We also know that 𝐹𝐸, 𝐺𝐷, and 𝐵𝐶 are all of the same magnitude and direction. Let’s consider what these would be equal to in terms of 𝐮 and 𝐯. We can get from the center of the hexagon 𝐺 to the vertex 𝐷 via vertex 𝐶. This means that 𝐺𝐷 is equal to 𝐺𝐶 plus 𝐶𝐷. We know that 𝐺𝐶 is equal to vector 𝐯. 𝐷𝐶 is equal to vector 𝐮. This means that 𝐶𝐷 is equal to negative 𝐮. It has the same magnitude but is in the opposite direction.

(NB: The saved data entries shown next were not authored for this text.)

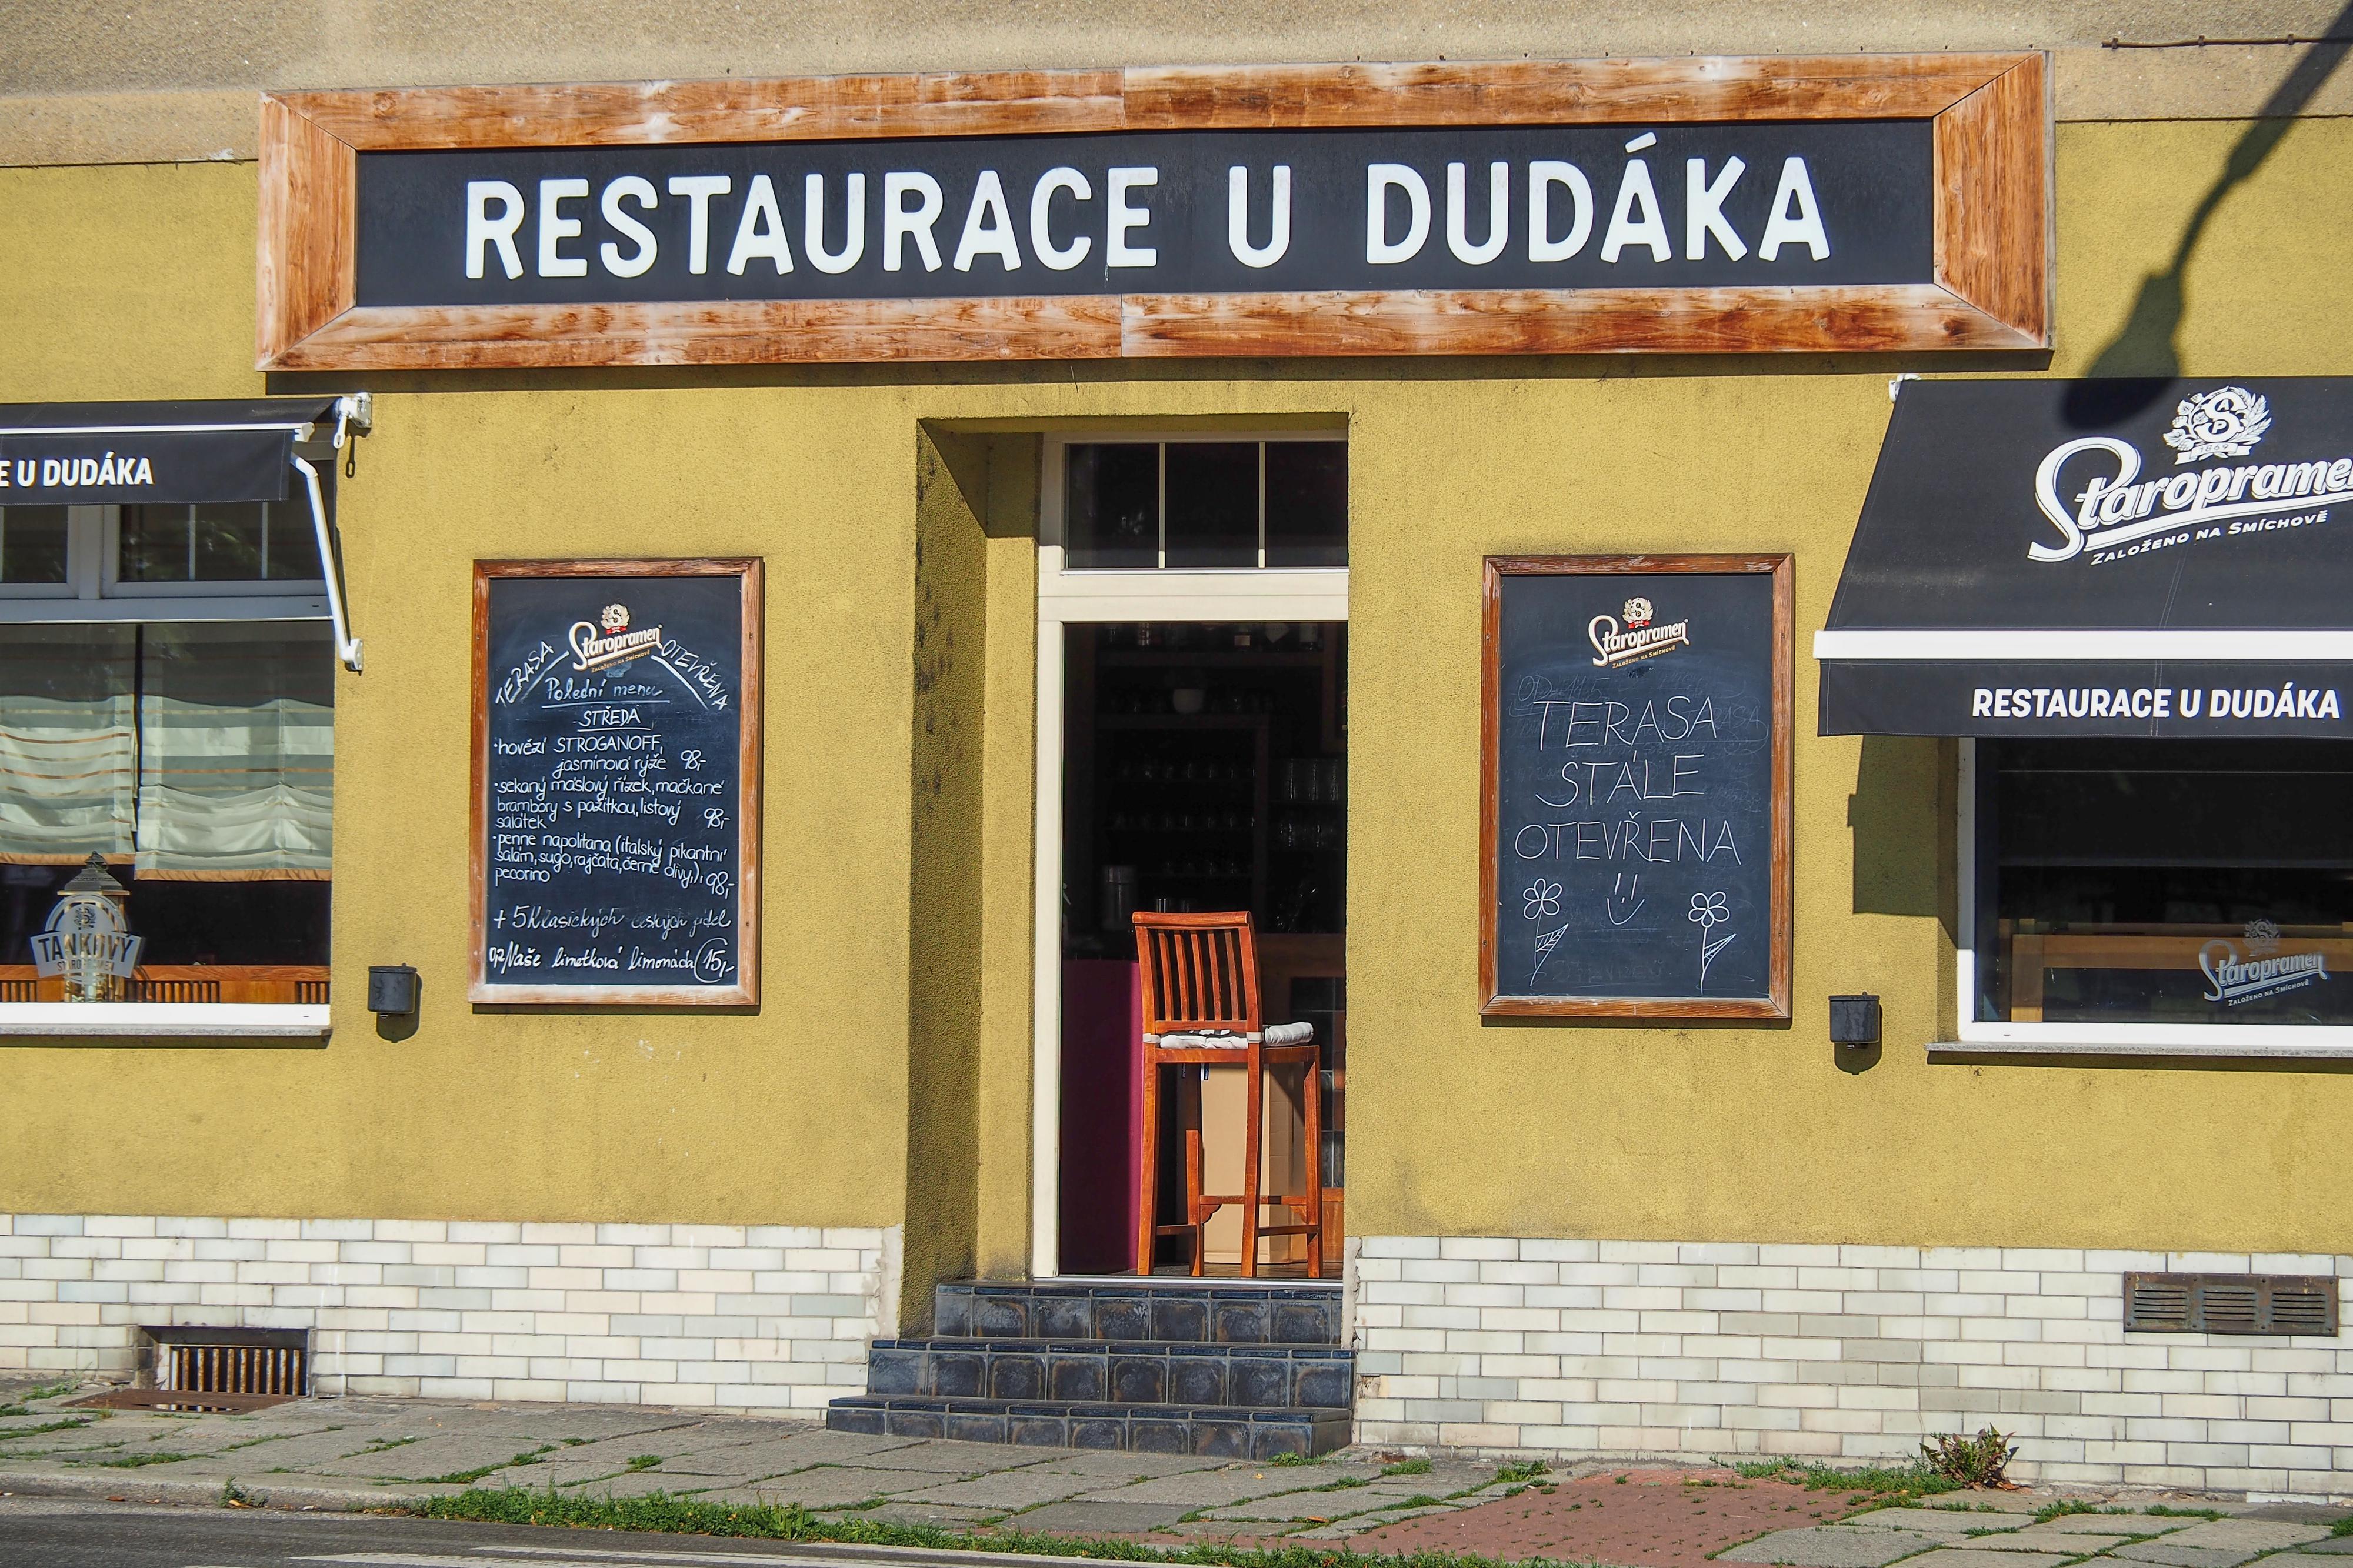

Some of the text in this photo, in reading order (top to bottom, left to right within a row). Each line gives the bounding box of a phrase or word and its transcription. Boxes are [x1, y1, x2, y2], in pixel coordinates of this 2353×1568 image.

[465, 131, 1831, 280] RESTAURACE U DUDÁKA
[2199, 443, 2229, 453] 1869
[16, 459, 36, 487] U
[42, 451, 154, 486] DUDÁKA
[2027, 436, 2353, 562] Staroprame
[2091, 509, 2328, 566] ZALOŽENO NA SMÍCHOVĚ
[568, 621, 664, 672] Staropramen
[1588, 615, 1690, 667] Staropramen
[495, 640, 555, 708] TERASA
[545, 676, 664, 702] Polední menu
[661, 639, 729, 711] OTEVŘENA
[576, 705, 641, 727] STŘEDA
[1972, 682, 2341, 719] RESTAURACE U DUDÁKA
[1532, 695, 1717, 751] TERASA
[498, 736, 548, 755] hovězí
[635, 753, 667, 778] rýže
[1535, 750, 1705, 808] STÁLE
[497, 775, 547, 802] sekaný
[551, 774, 609, 802] máslový
[495, 812, 548, 829] salátek
[497, 796, 558, 822] brambory
[562, 800, 574, 812] s
[498, 833, 536, 852] penne
[542, 831, 612, 854] napolitana
[669, 842, 728, 867] pikantní
[1514, 810, 1742, 866] OTEVŘENA
[495, 866, 551, 887] pecorino
[37, 931, 135, 963] TANKOVÝ
[551, 945, 624, 970] limetková
[627, 945, 695, 971] limonáda
[2198, 939, 2328, 1002] Staropramen
[2227, 994, 2263, 1007] ZALOŽENO
[2275, 978, 2310, 995] SMÍCHOVĚ

We can therefore say that 𝐺𝐷 is equal to 𝐯 minus 𝐮. The same is true for 𝐹𝐸 and 𝐵𝐶.

We are asked to express 𝐴𝐸 in terms of 𝐮 and 𝐯. The quickest way to get from vertex 𝐴 to vertex 𝐸 is via vertex 𝐹. This means that 𝐴𝐸 is equal to 𝐴𝐹 plus 𝐹𝐸. As 𝐹𝐴 is equal to vertex 𝐮, 𝐴𝐹 will be equal to negative 𝐮. We know that 𝐹𝐸 is equal to 𝐯 minus 𝐮. 𝐴𝐸 is therefore equal to negative 𝐮 plus 𝐯 minus 𝐮.

This can be simplified to negative two 𝐮 plus 𝐯. Alternatively, we could write it as 𝐯 minus two 𝐮. We can use this method to work out the vector from any vertex to another vertex on the hexagon.

We will now summarize the key points from this video.

We found out in this video that to add or subtract two or more vectors, we simply add or subtract the corresponding components. To multiply a vector by a scalar, we multiply each component individually. In our final question, we saw that we can use these skills to answer problems involving geometry. We also saw that the above rules apply to vectors in both two and three dimensions.